Could you reproduce every record below exactly, excluding all pictures?

Records provided >>
+-------+

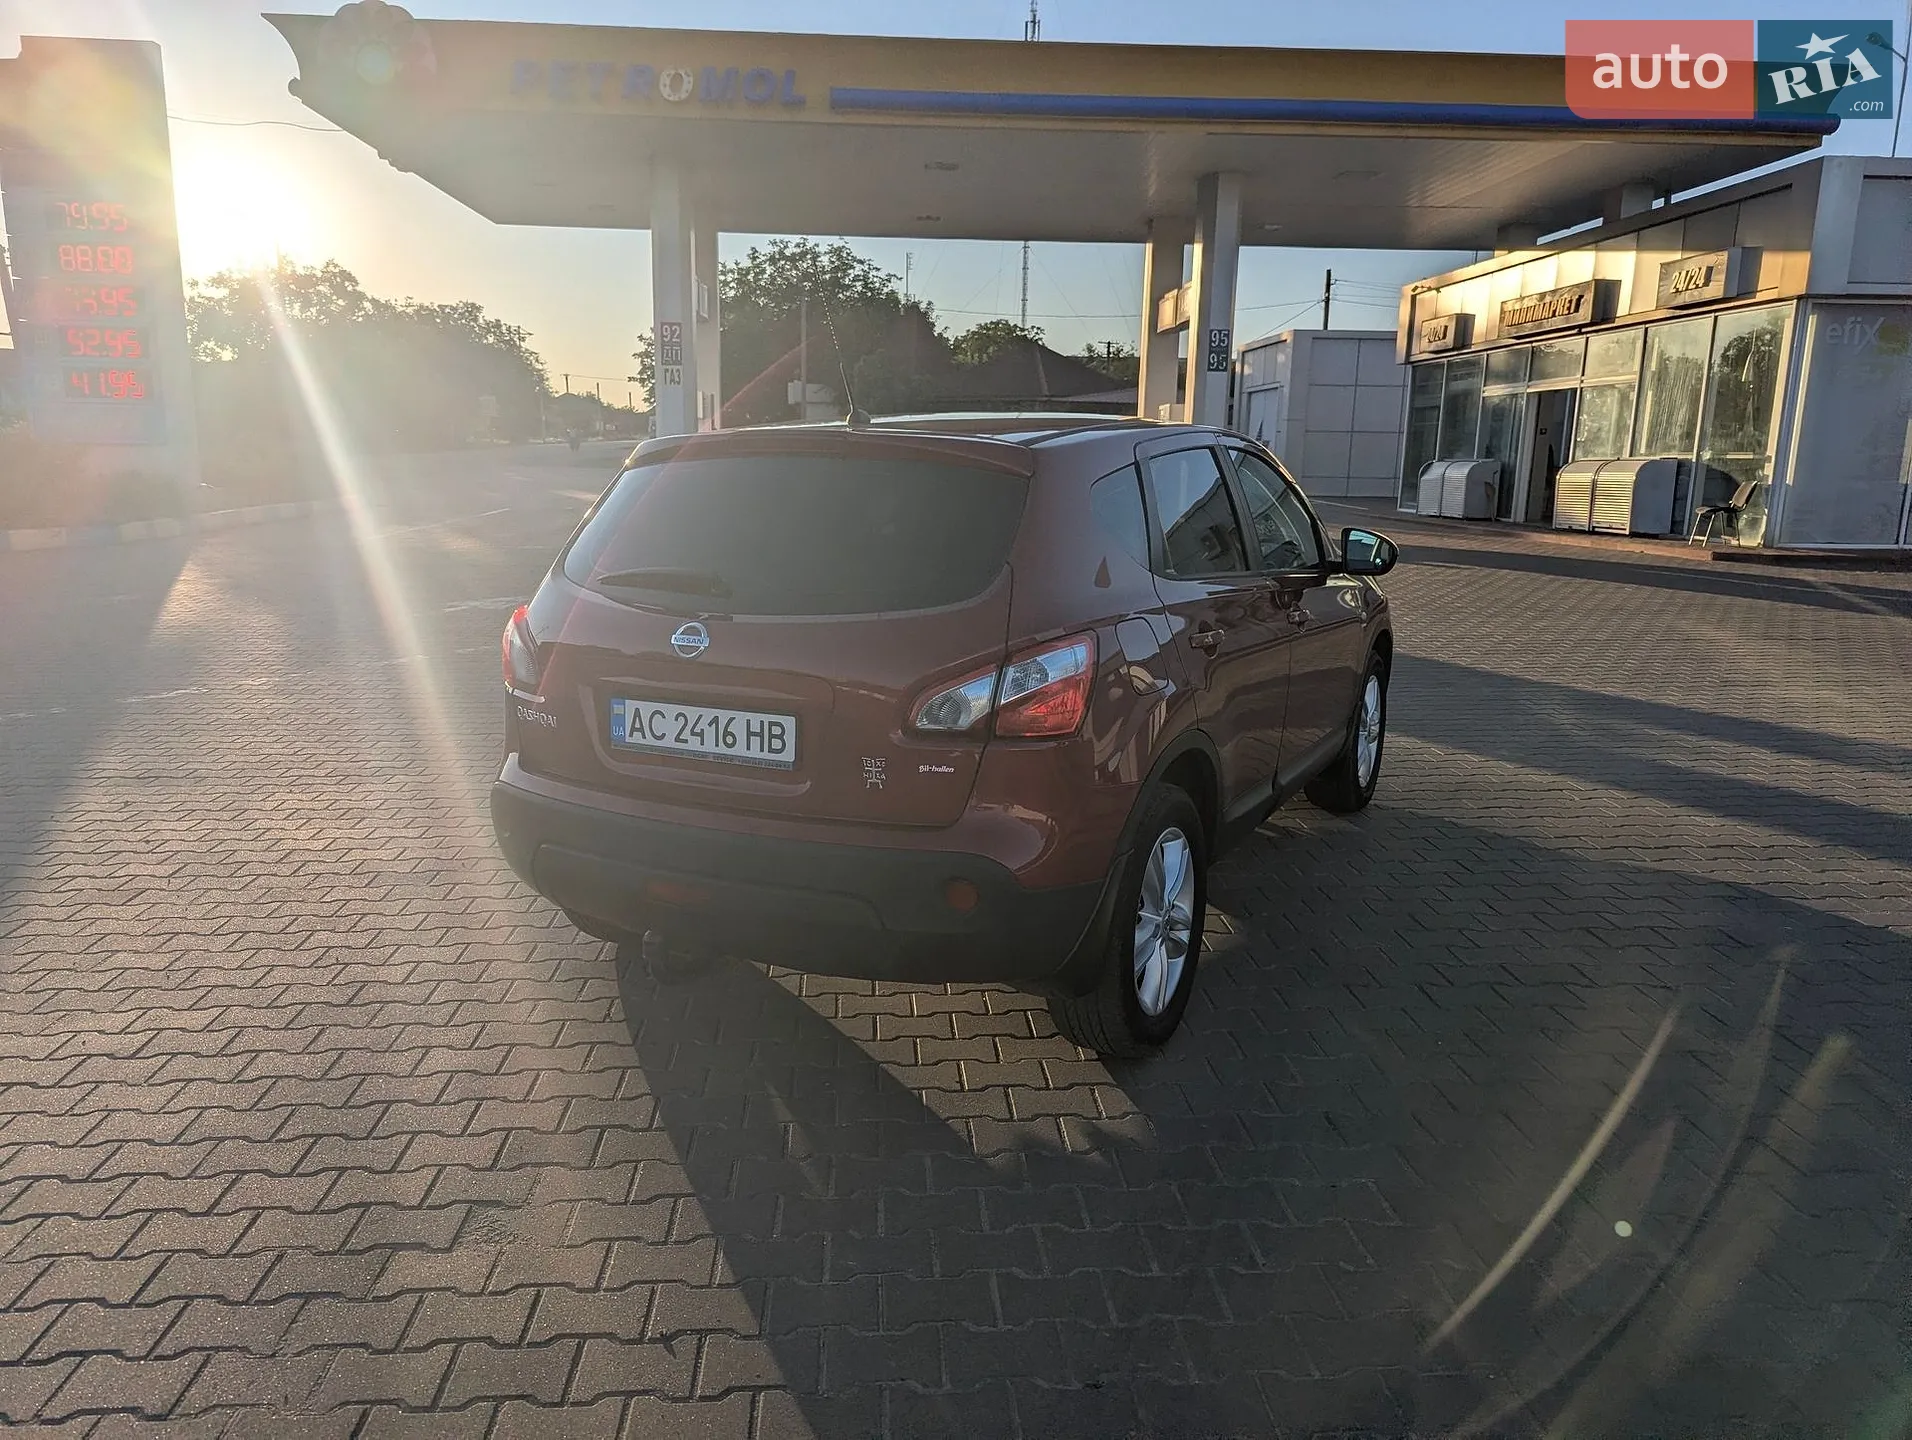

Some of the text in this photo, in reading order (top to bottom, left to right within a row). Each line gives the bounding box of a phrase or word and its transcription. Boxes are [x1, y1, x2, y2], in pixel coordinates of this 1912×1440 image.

[511, 59, 806, 106] PETROMOL
[662, 325, 681, 342] 92
[1210, 330, 1228, 347] 95
[663, 368, 681, 385] ГАЗ
[674, 636, 704, 645] NISSAN
[612, 725, 625, 736] UA
[628, 707, 787, 755] AC 2416 HB
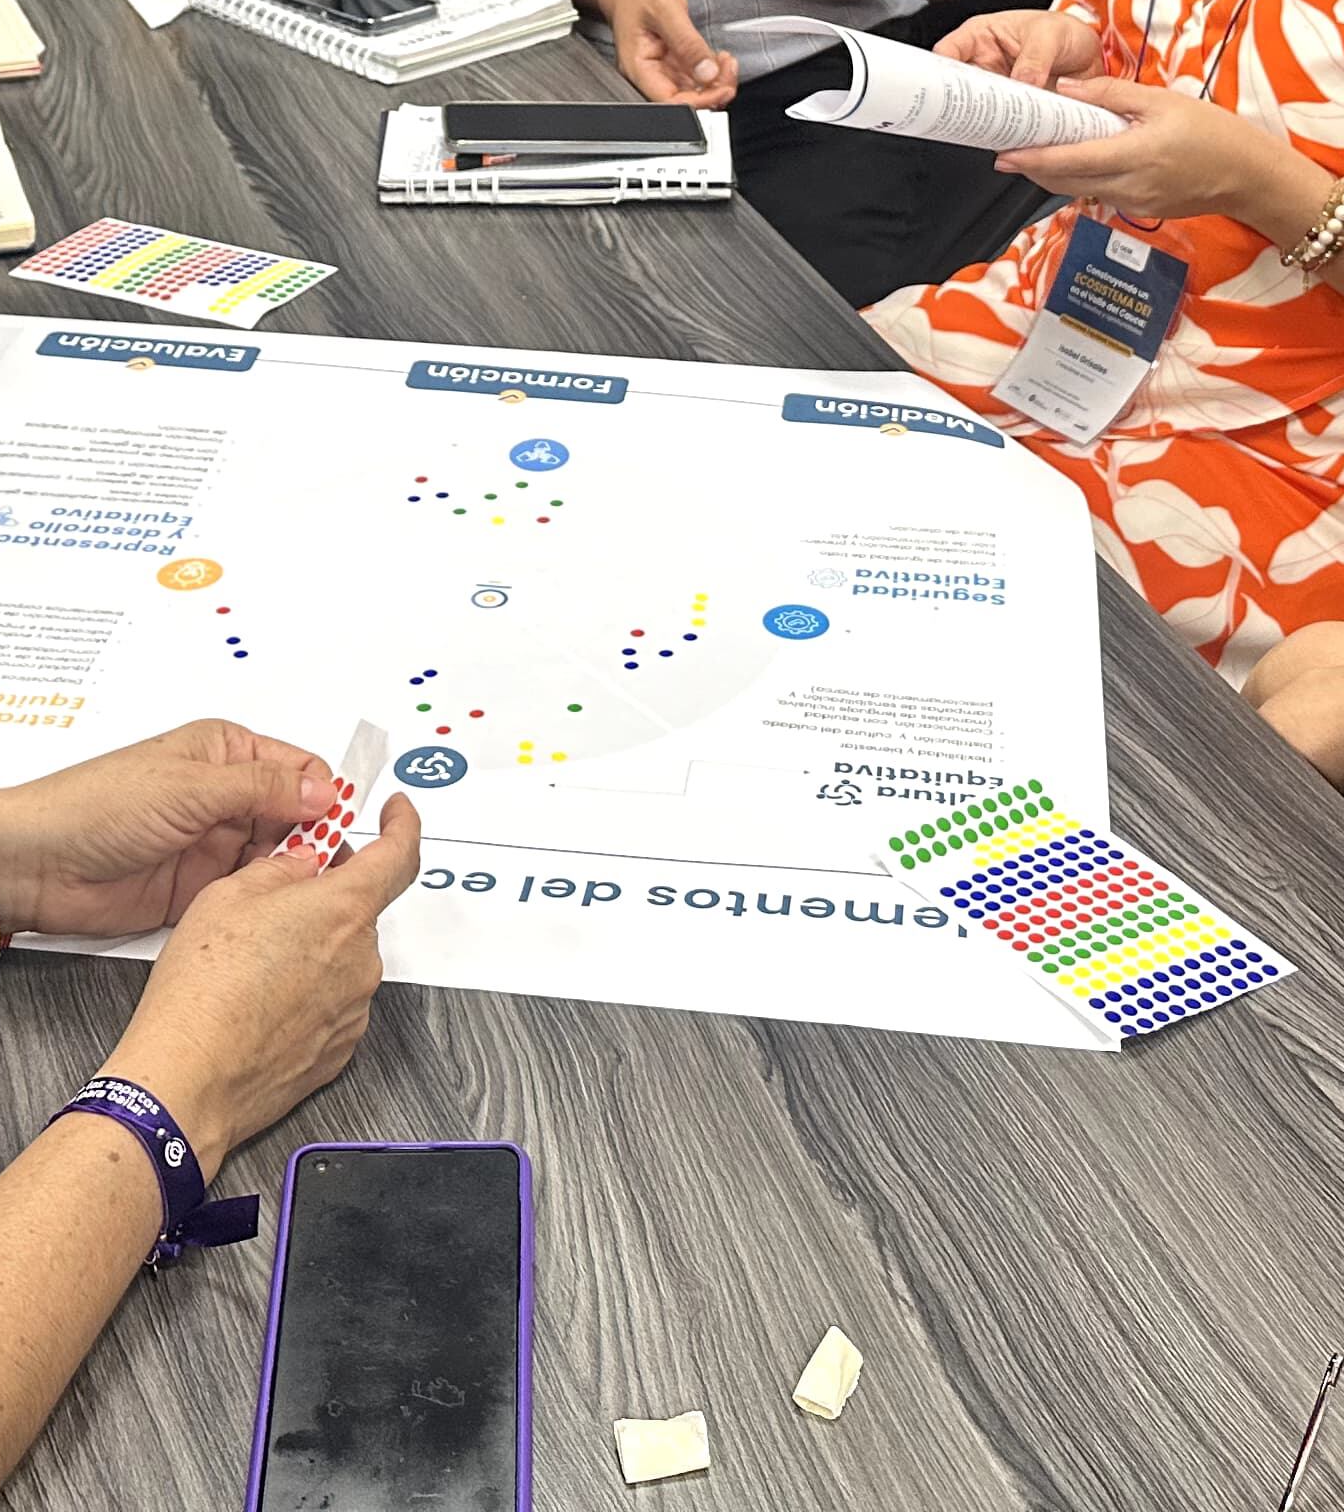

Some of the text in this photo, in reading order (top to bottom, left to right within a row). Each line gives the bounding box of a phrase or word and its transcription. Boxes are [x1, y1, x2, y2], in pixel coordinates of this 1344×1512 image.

+-------+

Exercise response >>
Some of the text in this photo, in reading order (top to bottom, left to right within a row). Each line gives the bounding box of a phrase or word and its transcription. Boxes are [x1, y1, x2, y2], in pixel coordinates of this 1912×1440 image.

[511, 59, 806, 106] PETROMOL
[662, 325, 681, 342] 92
[1210, 330, 1228, 347] 95
[663, 368, 681, 385] ГАЗ
[674, 636, 704, 645] NISSAN
[612, 725, 625, 736] UA
[628, 707, 787, 755] AC 2416 HB

Some of the text in this photo, in reading order (top to bottom, left to right within a row). Each line gives the bounding box of a phrase or word and its transcription. Boxes are [x1, y1, x2, y2], in pixel coordinates of this 1344×1512 image.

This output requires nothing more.